> [EXERCISE GOAL]
From the first line to the last, please print the entries exactly, omitting pictures.

************

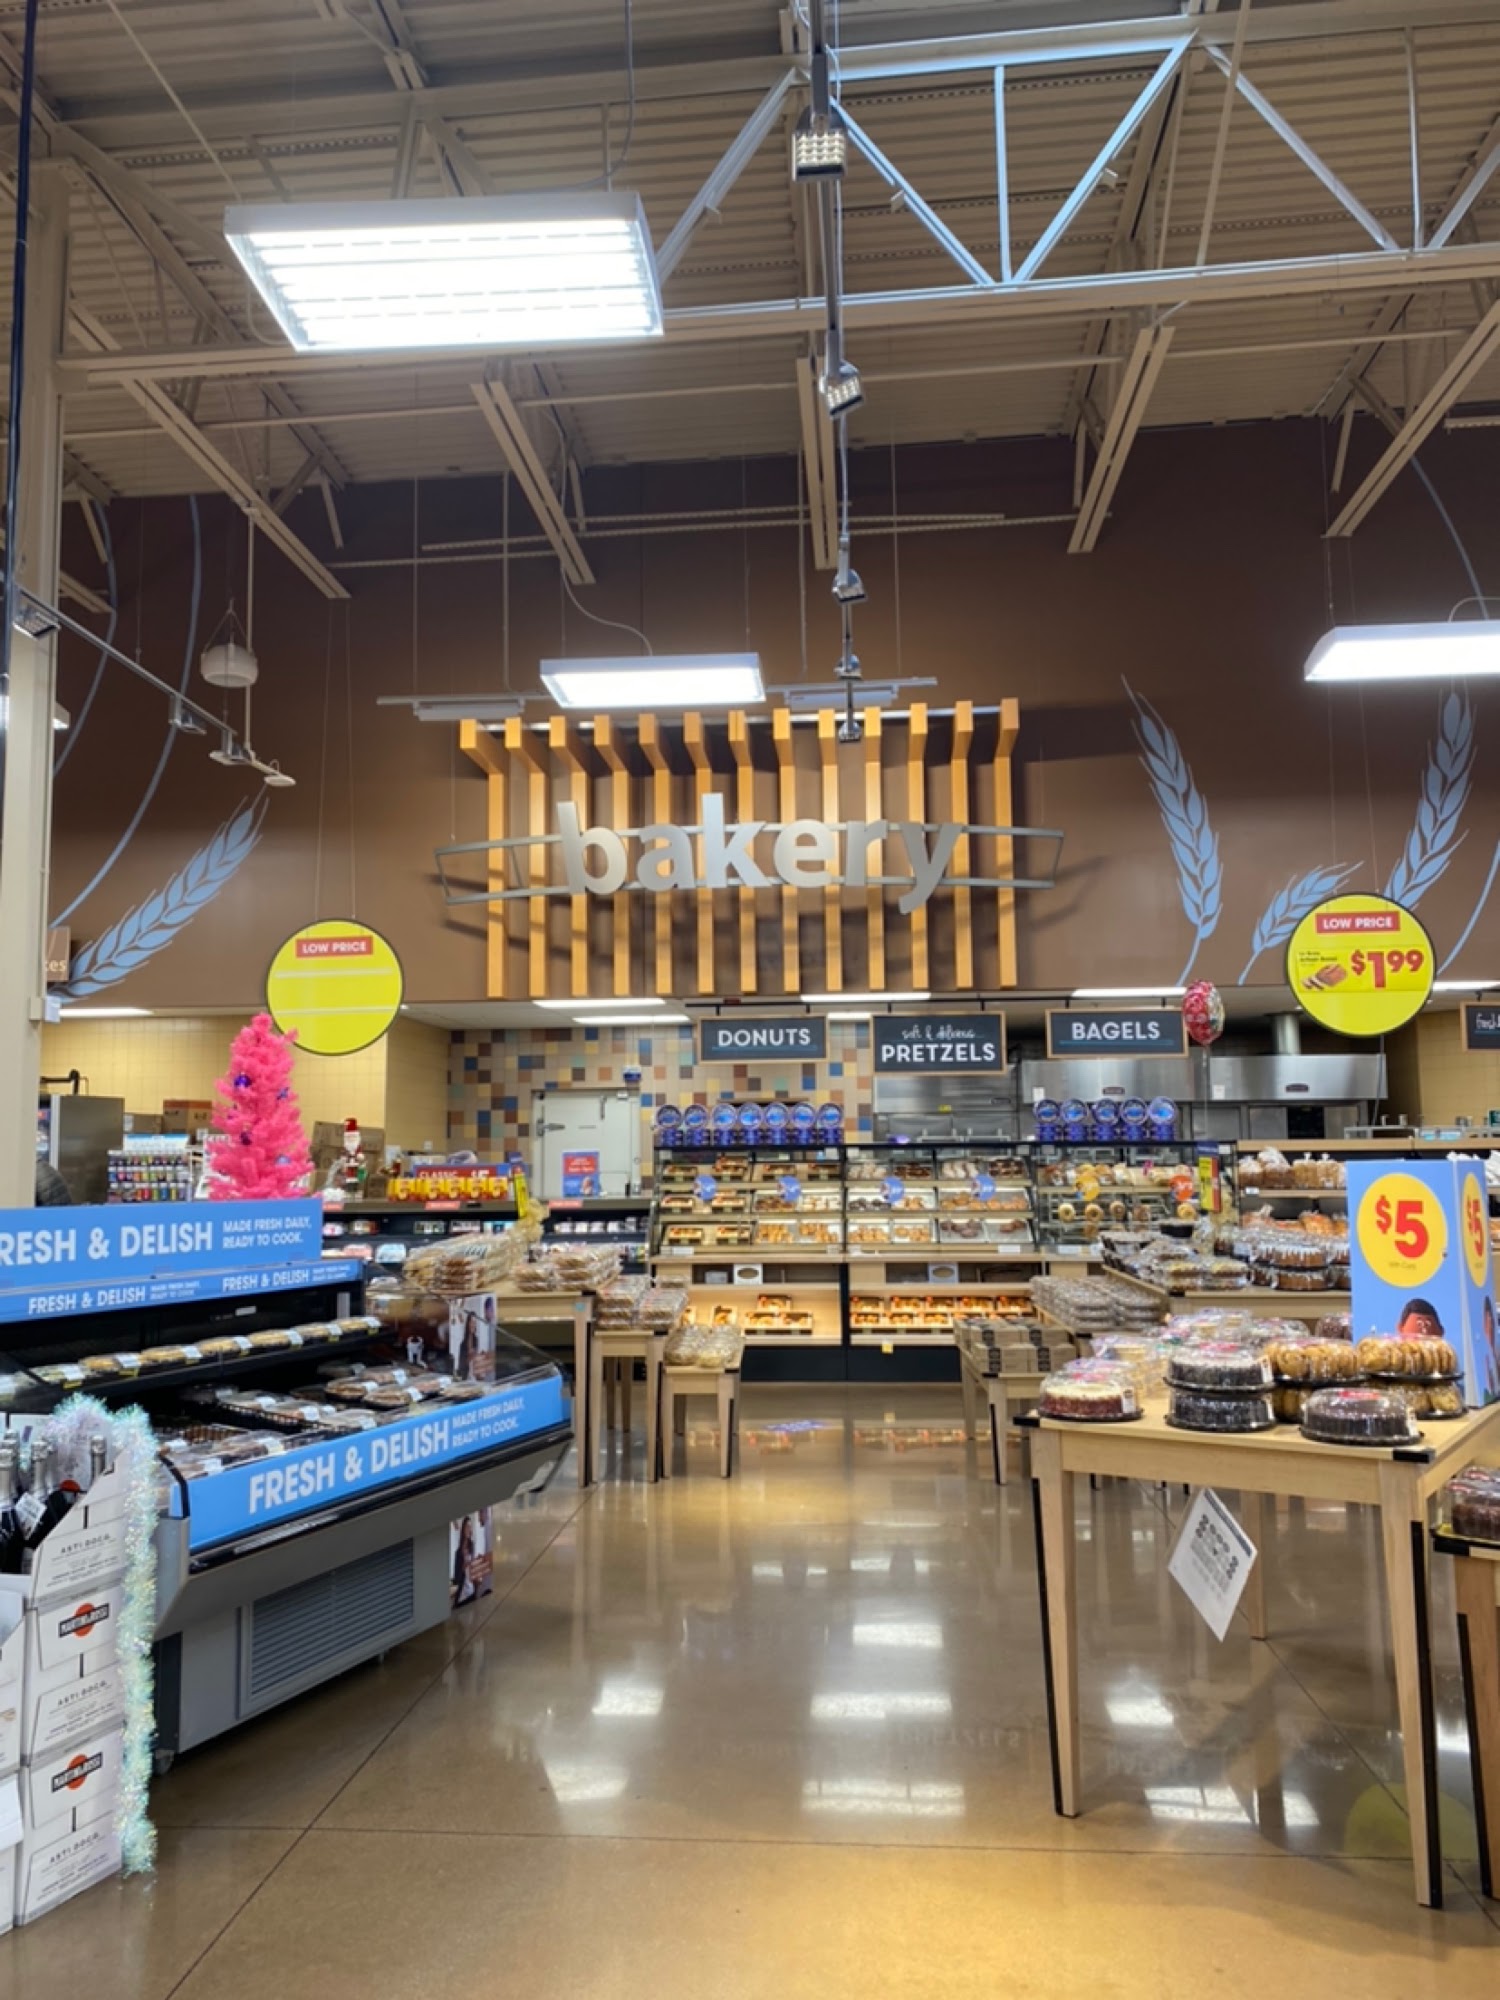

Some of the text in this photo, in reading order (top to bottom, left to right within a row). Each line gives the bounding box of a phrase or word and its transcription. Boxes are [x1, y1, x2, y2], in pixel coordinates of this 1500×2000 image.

[556, 792, 964, 915] bakery
[1323, 917, 1392, 930] LOW PRICE
[302, 941, 367, 954] LOW PRICE
[717, 1027, 811, 1048] DONUTS
[1071, 1021, 1161, 1041] BAGELS
[881, 1043, 996, 1063] PRETZELS
[222, 1219, 251, 1233] MADE
[254, 1217, 282, 1231] FRESH
[1375, 1194, 1430, 1258] $5
[88, 1226, 110, 1260] &
[120, 1221, 213, 1257] DELISH
[222, 1235, 254, 1248] READY
[257, 1233, 269, 1246] TO
[222, 1275, 258, 1292] FRESH
[260, 1273, 270, 1287] &
[273, 1269, 309, 1285] DELISH
[28, 1286, 146, 1315] FRESH & DELISH
[452, 1410, 477, 1429] MADE
[477, 1404, 502, 1423] FRESH
[452, 1430, 479, 1448] READY
[480, 1426, 492, 1439] TO
[249, 1419, 449, 1515] FRESH & DELISH

************

> [TASK RESULT]
Some of the text in this photo, in reading order (top to bottom, left to right within a row). Each line gives the bounding box of a phrase or word and its transcription. Boxes are [x1, y1, x2, y2], in pixel coordinates of this 1500×2000 image.

[556, 792, 964, 915] bakery
[1323, 917, 1392, 930] LOW PRICE
[302, 941, 367, 954] LOW PRICE
[717, 1027, 811, 1048] DONUTS
[1071, 1021, 1161, 1041] BAGELS
[881, 1043, 996, 1063] PRETZELS
[222, 1219, 251, 1233] MADE
[254, 1217, 282, 1231] FRESH
[1375, 1194, 1430, 1258] $5
[88, 1226, 110, 1260] &
[120, 1221, 213, 1257] DELISH
[222, 1235, 254, 1248] READY
[257, 1233, 269, 1246] TO
[222, 1275, 258, 1292] FRESH
[260, 1273, 270, 1287] &
[273, 1269, 309, 1285] DELISH
[28, 1286, 146, 1315] FRESH & DELISH
[452, 1410, 477, 1429] MADE
[477, 1404, 502, 1423] FRESH
[452, 1430, 479, 1448] READY
[480, 1426, 492, 1439] TO
[249, 1419, 449, 1515] FRESH & DELISH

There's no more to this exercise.